Thursday, January 21, 2021

The Crucial Work of 2021 Begins: To Have Hope.


 “Ooh, ooh, child, things are gonna get easier. Ooh child, things will get brighter. Someday, yea, we’ll put it together and we’ll get it all undone, some day when the world is much brighter.”

--The Five Stairsteps, 1970

Crucial.

When I was a new writer and penning stories for a now long forgotten employee newspaper at a Massachusetts high tech company, I got into a bad rhetorical habit.  To emphasize what I thought were the most important and pressings aspects of a story, I’d use the word “crucial” to make my point. “Crucial”—as in “decisive or critical, in the success or failure of something” and “of great importance.” 

“Crucial” is a great descriptor to bring home the gravity or immediacy of a given situation.  The problem was that in one particular story I used the word “crucial” something like five or six times, and all within a 500 word article.  My editor read my first draft and then stated the obvious: “You know, John, if use the word ‘crucial’ so many times in a story, it kind of loses its meaning. Everything can’t be crucial, right?”

To avoid a repeat of that linguistic faux pas, I’m trying my best to tamp down my temptation to go overboard in my word choice for this story. Using words multiple times, like “crisis” or “emergency” or “urgency” or “unprecedented.” For you see if I begin to use any of those terms to describe the intensity of what our nation has gone through in just the past two and a half weeks, never mind the past year, I might go overboard. Label everything as in “once in a hundred years!” or “never before in our history!”
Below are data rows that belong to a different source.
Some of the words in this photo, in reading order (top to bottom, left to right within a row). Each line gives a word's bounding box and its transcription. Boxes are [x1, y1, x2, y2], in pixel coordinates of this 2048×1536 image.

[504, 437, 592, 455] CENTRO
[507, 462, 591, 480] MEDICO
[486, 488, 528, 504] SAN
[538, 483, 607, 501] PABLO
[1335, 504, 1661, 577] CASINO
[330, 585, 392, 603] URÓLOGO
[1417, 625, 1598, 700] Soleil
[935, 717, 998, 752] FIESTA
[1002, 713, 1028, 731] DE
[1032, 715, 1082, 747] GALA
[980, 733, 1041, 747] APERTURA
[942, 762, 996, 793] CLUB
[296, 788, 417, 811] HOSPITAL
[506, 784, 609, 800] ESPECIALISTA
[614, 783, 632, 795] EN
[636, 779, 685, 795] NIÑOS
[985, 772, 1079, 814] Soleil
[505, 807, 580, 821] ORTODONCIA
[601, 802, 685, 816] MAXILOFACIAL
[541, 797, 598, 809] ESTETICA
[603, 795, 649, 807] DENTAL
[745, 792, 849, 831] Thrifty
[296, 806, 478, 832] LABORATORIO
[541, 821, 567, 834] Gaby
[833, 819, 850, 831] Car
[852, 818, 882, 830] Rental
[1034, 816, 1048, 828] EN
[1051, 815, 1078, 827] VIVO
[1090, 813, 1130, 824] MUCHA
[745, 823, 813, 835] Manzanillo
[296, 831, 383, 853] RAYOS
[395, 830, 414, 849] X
I’ll confess as a writer this: I feel like I’ve run out of words to describe the journey America has been on the past 365 days, beginning January 21st, 2020, when the first confirmed case of the corona virus appeared in Washington state. Since then? Some mighty crucial things have happened.

Crucial.

As in the first attempted violent overthrow of an election and the democratic process in America’s history. As in the second worst pandemic and health crisis in our republic’s many years of existence. As in demonstrations for racial justice in the wake of the killing of so many people of color. As in the collapse of the economy and record numbers of people going jobless and hungry. As in the mental and spiritual health struggles so many of us are going through, isolated from our families, our friends, our past times, like sports and the arts.

As in just trying to remember back to a time when things were “normal”.

I’ve exhausted the English language.  I tried to use the thesaurus function in my word processing software to write this essay, but it finally just broke down, after so much overuse. I know many of you feel this way too: how can anyone put into adequate words that which was and still is 2020-21? I’m liking “dumpster fire”, a phrase that’s been used by many.

And then there’s the anxiety about what next “crucial” event is lurking around the corner.

A volcano popping up in the backyard? Or plagues perhaps, hordes of frogs falling from the sky? How about Tom Brady, marching towards another Super Bowl, but doing so in a uniform that is not the red, white and blue of our New England Patriots? Okay, that last one is actually true, but it still feels kind of apocalyptic.

So, I’m now going to attempt to use only good words to look ahead, as we move into the next chapter in our shared lives.  I’m thinking “hope” might be a great place to start. “Hope”, as in “an optimistic state of mind that is based on an expectation of positive outcomes.” Thanks Wikipedia.  “Hope” as in, “Hope is the thing with feathers, That perches in the soul, And sings the tune without the words, And never stops - at all.” Thanks Emily Dickinson. Hope, as in, “Surely there is a future, and your hope will not be cut off.” Thanks Book of Proverbs.

For in the end, “hope” is a word and a feeling and a commitment that has the power to lean into and overcome anything the world throws our way. “Hope” is actually the most courageous thing we can do right now, an act of defiance, a commitment that each of us has the power to embrace and embody right now.  “Hope” doesn’t deny the bad but instead hope looks at the bad and declares, “We’ve been through the worst, but, by God, I dare to believe that the best is yet to come.”     

Yup. Hope. Unlike “crucial” hope is a word that we can never use too often or too many times. Hope always looks to tomorrow and trusts in better days ahead. I need to hope. I must have hope. It is hope that will save us all.   

And “crucial”? I used it twelve times in this essay. I think I’ll give that word a rest for now.